Baseline characteristics according to the presence of DM are reported in Table 1. Patients with DM were older (62.5 (9.8) years vs 60.0 (11.9) years, p < 0.001) and had higher BMI (30.8 (6.2) vs 28.4 (5.7) kg/m2, p < 0.001); they also showed a higher prevalence of non-Hispanic Black and other ethnicities and most comorbidities, including hypertension, MI, and history of stroke/TIA. Patients with DM also showed worse symptoms and lower rates of current smoking or alcohol use.

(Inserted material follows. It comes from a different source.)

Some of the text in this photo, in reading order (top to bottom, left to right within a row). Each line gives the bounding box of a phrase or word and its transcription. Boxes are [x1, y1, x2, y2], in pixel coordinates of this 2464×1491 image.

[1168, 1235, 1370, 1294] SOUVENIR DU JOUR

When we analyzed factors associated with a diagnosis of DM at baseline, age and BMI were nonlinearly associated with odds of DM (Fig. 1; panel A and B; p for nonlinearity < 0.001 and 0.009, respectively). Specifically, odds of DM decreased with age below and above 65; conversely, the likelihood of DM increased sharply for BMI between 25 and 30 kg/m2, reaching a plateau thereafter. We also found that non-Hispanic Black (OR [95% CI]: 1.42 [1.05–1.90]) and other ethnicities (OR [95% CI]: 2.65 [1.53–4.55]) had higher odds of DM, when compared to non-Hispanic White patients. Moreover, higher NYHA classes (OR [95% CI]: 1.64 [1.33–2.01]) and history of hypertension (OR [95% CI]: 1.78 [1.44–2.21]), stroke/TIA (OR [95% CI]: 1.40 [1.05–1.85]), MI (OR [95% CI]: 1.56 [1.27–1.91]), and PVD (OR [95% CI]: 1.58 [1.18–2.13]) were all associated with higher odds of diagnosis of DM at baseline. Conversely, current smoking status showed an inverse association (Fig. 1, panel C).

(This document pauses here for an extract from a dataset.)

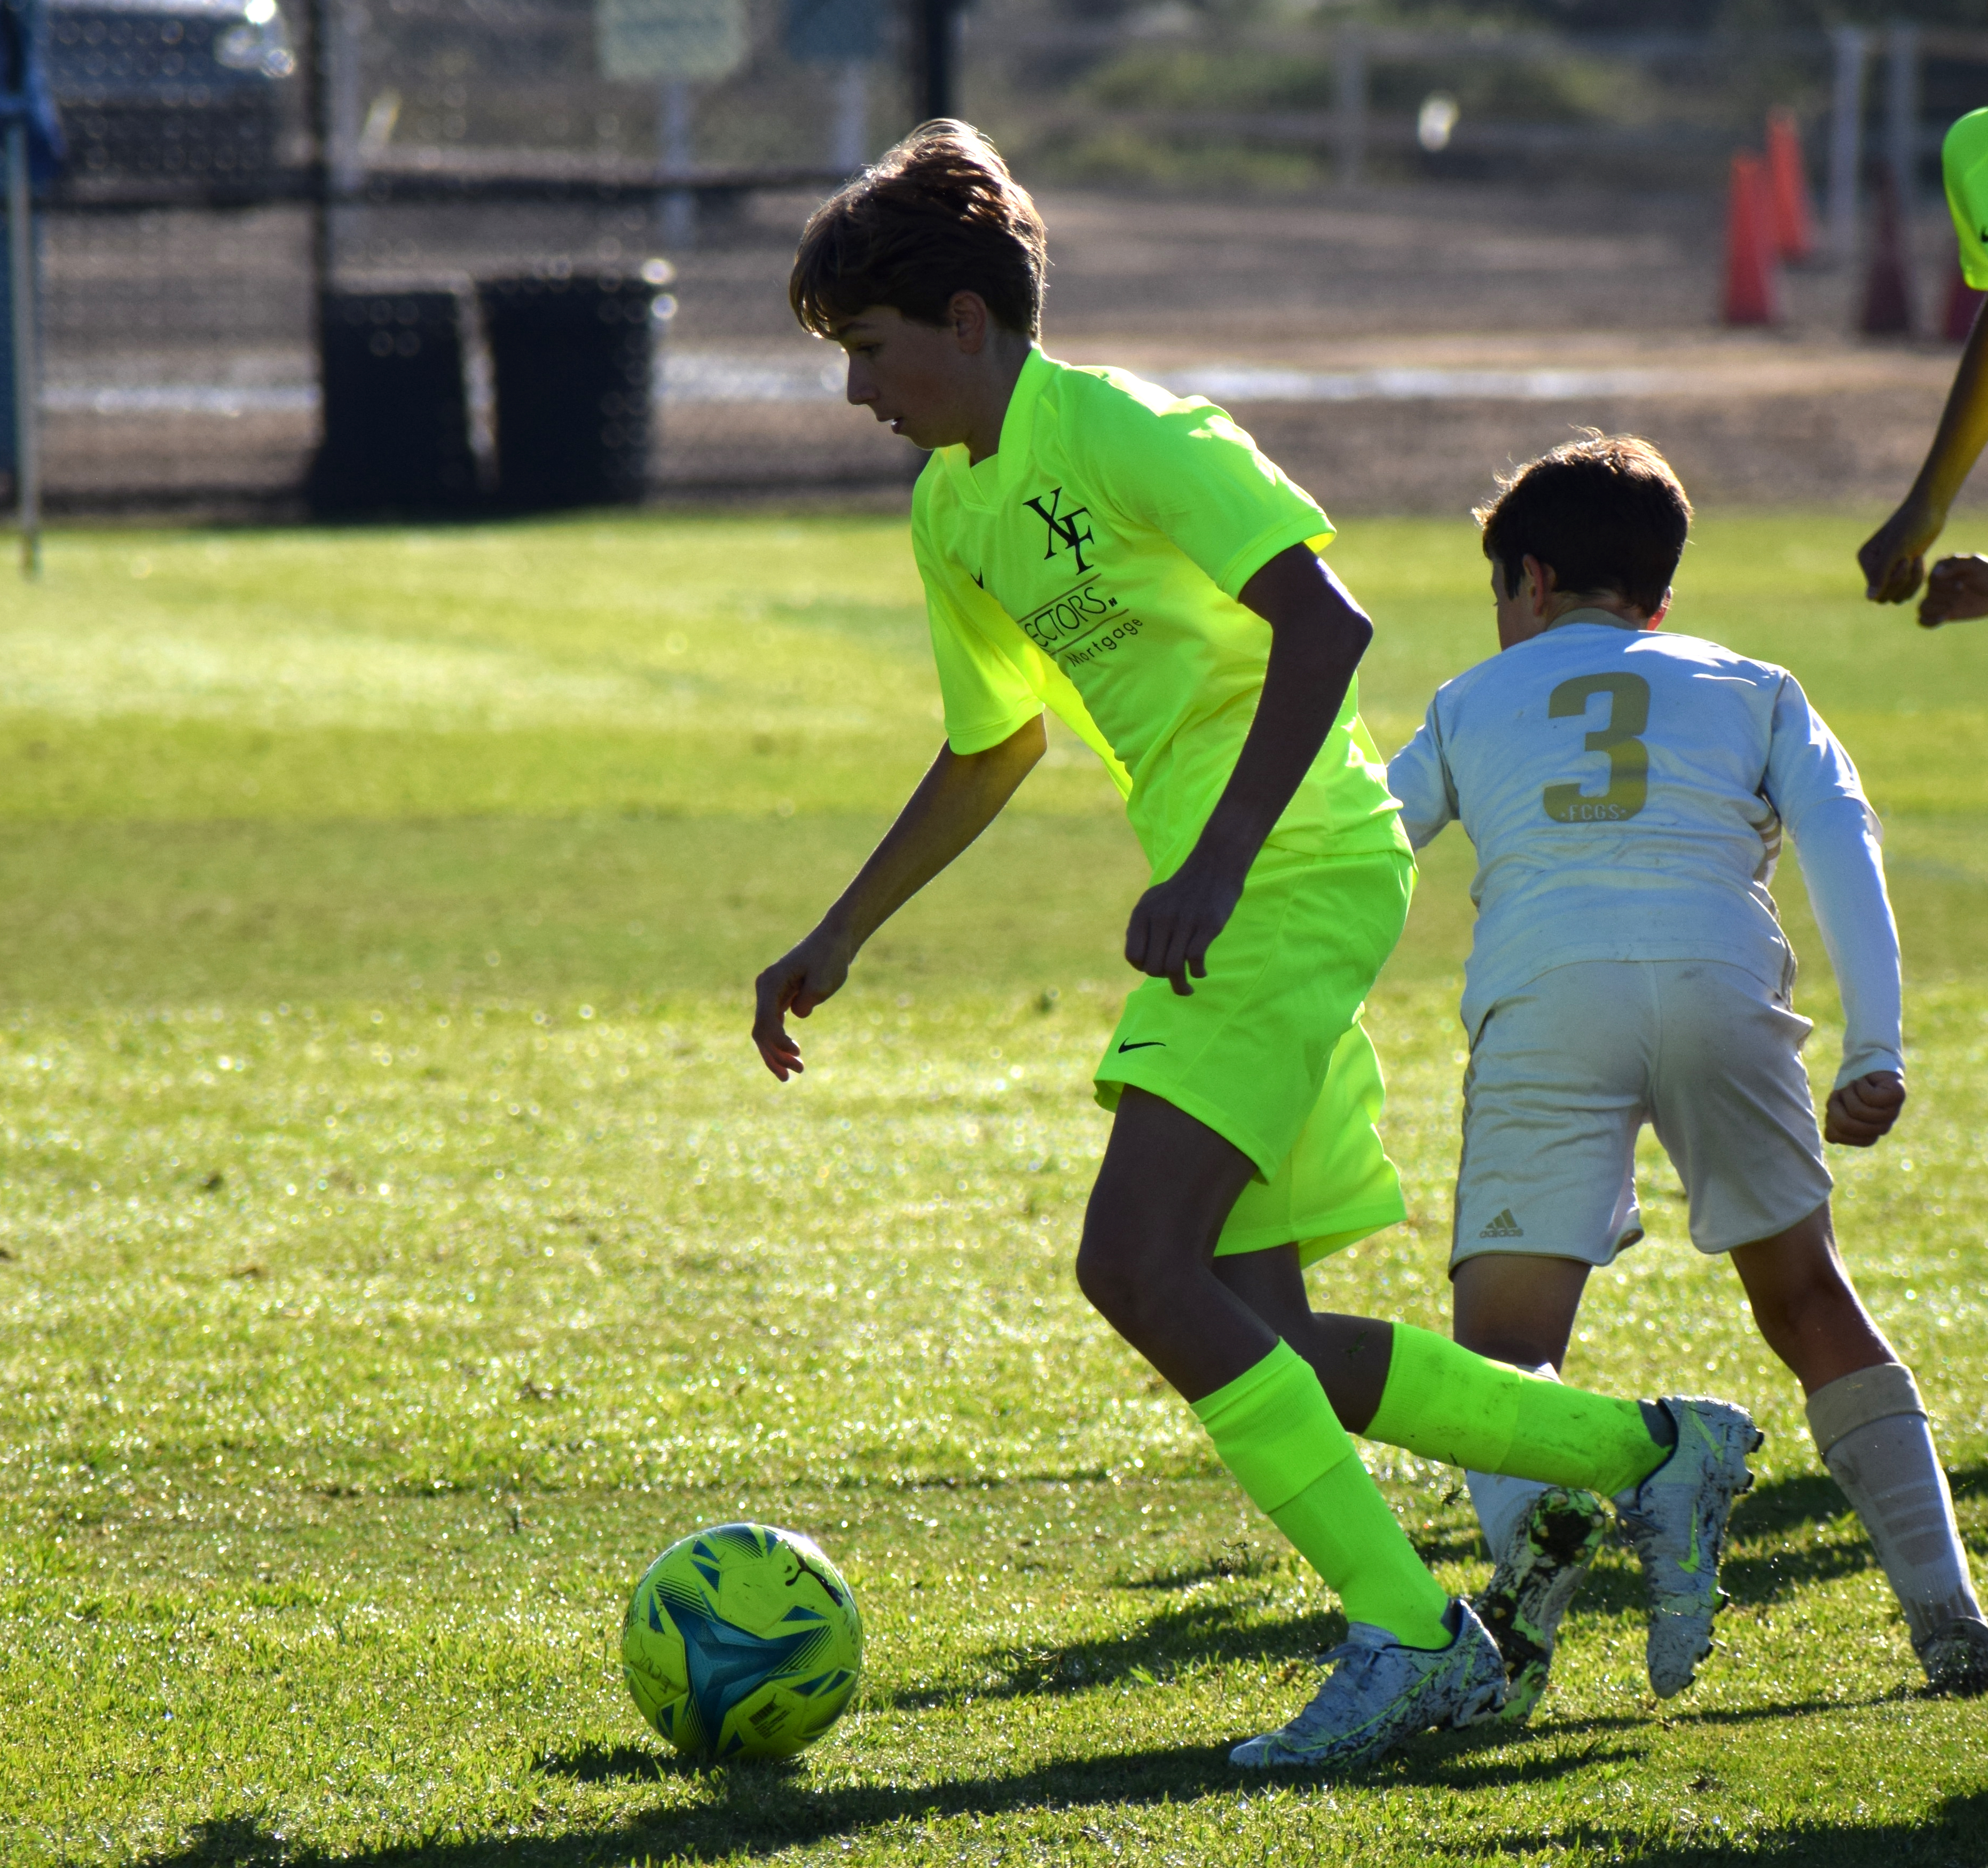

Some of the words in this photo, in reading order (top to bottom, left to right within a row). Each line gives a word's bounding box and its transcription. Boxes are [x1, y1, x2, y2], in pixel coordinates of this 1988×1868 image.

[1024, 587, 1107, 653] ECTORS
[1066, 619, 1143, 667] Mortgage
[1543, 671, 1651, 823] 3

After a median follow-up of 3.4 years (Interquartile range 2.0–5.0 years), patients with DM showed a higher incidence of the primary composite outcome (IR [95% CI]: 10.0 [8.7–11.3] per 100 person-years) compared to patients without DM (IR [95% CI]: 6.7 [6.0–7.4] per 100 person-years). Similar results were observed for all-cause death (IR [95% CI]: 8.6 [7.4–9.8] and 5.7 [5.1–6.3] per 100 person-years for patients with and without DM, respectively) and IS (IR [95% CI]: 1.3 [0.9–1.8] and 0.9 [0.7–1.2] per 100 person-years for patients with and without DM, respectively), while incidence for ICH was similarly low in patients with and without DM (Table 2). Results of the Kaplan–Meier curves for the primary composite outcome (Fig. 2) showed lower survival probability in patients with DM (log-rank p < 0.001).
Results of the Cox regression analyses for the risk of primary and exploratory secondary outcomes are reported in Table 2. DM was associated with a higher hazard of the primary composite outcome (aHR [95% CI]: 1.48 [1.24–1.77]) and all-cause mortality (aHR [95% CI]: 1.52 [1.25–1.84]). No statistically significant differences were observed for the risk of IS and ICH.

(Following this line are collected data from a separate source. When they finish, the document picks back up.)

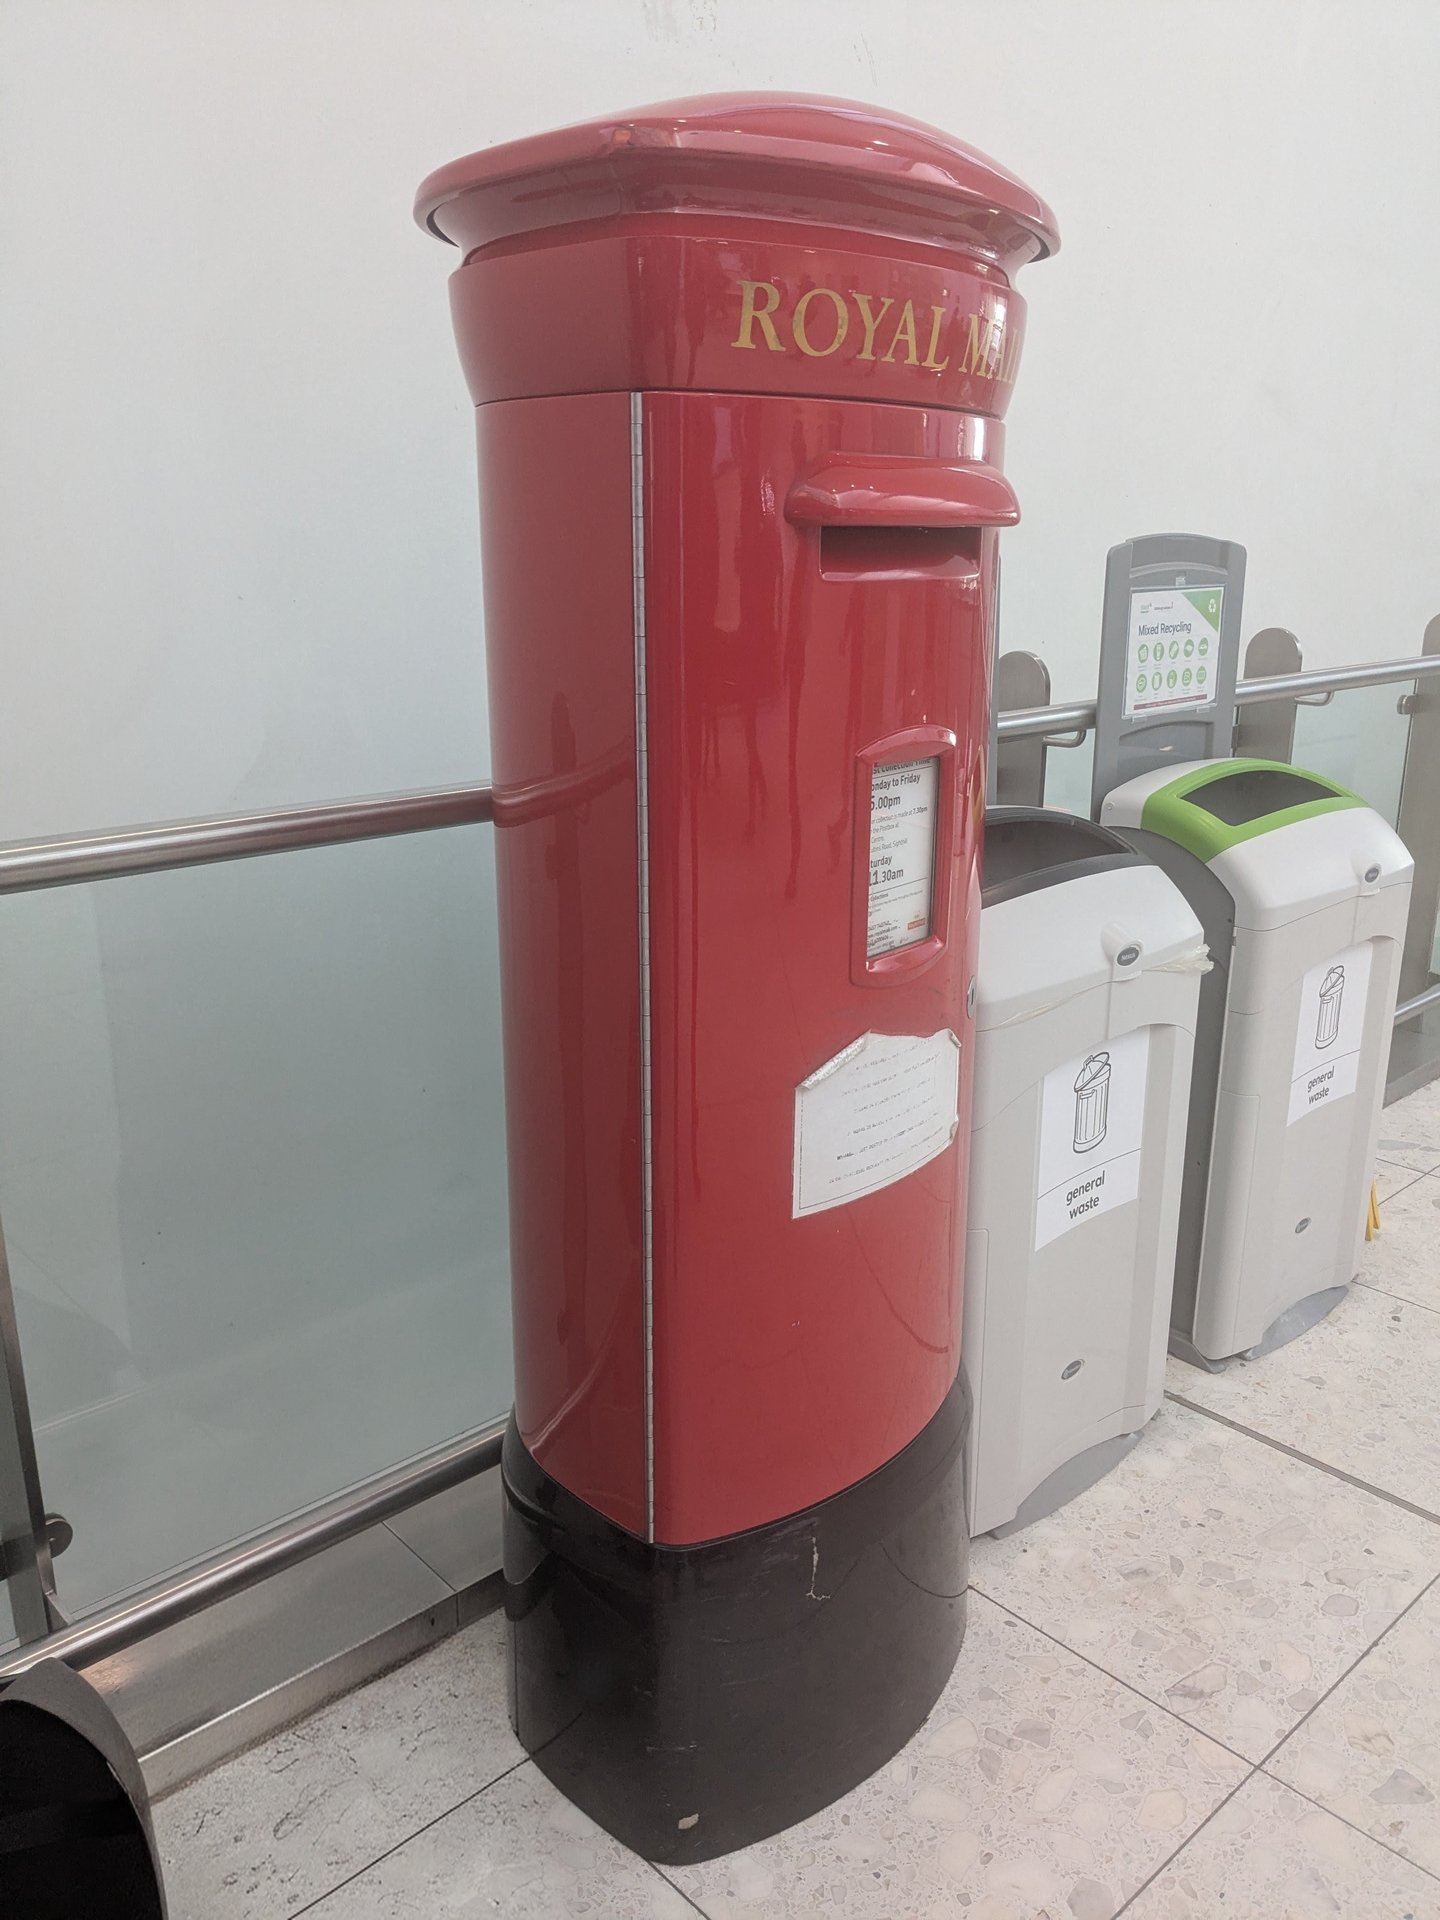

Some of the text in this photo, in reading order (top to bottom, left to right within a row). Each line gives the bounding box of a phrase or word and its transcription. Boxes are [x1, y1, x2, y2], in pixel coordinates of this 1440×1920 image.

[730, 280, 951, 369] ROYAL
[1138, 621, 1192, 637] Mixed Recycling
[892, 778, 899, 787] to
[900, 774, 920, 786] Friday
[1307, 1066, 1335, 1093] general
[1308, 1086, 1330, 1105] waste
[1066, 1170, 1105, 1207] general
[1069, 1195, 1100, 1220] waste

Subgroup analyses for the risk of the primary outcome are reported in Fig. S1 in Supplementary Materials. No statistically significant interaction was observed for any of the characteristics explored and the risk of all-cause death, IS, and ICH in patients with vs. without DM. Nonetheless, some evidence for a higher magnitude of DM effect was observed in patients aged 75 or more (pint = 0.158) and in females (pint = 0.105).
Finally, when we analyzed the interaction between DM and the effect of randomized treatment on the risk of the primary composite outcome, stratified by relevant subgroups, we confirmed the previous finding [17] of no statistically significant interaction (Fig. S2 in Supplementary Materials).
Discussion
In this post hoc ancillary study of the WARCEF trial, our principal findings are as follows: (1) DM was common in patients with HFrEF and was associated with other risk factors, including higher BMI, symptoms, and cardiovascular comorbidities, and (2) DM was associated with a significantly higher risk of the primary composite outcome during follow-up, with some evidence of higher effect exerted by DM in elderly and females patients. We also confirmed the previous observation that DM was not associated with a significantly different effect of warfarin vs. aspirin on the risk of the primary composite outcome, in any of the subgroups explored, despite the higher risk profile of patients with DM.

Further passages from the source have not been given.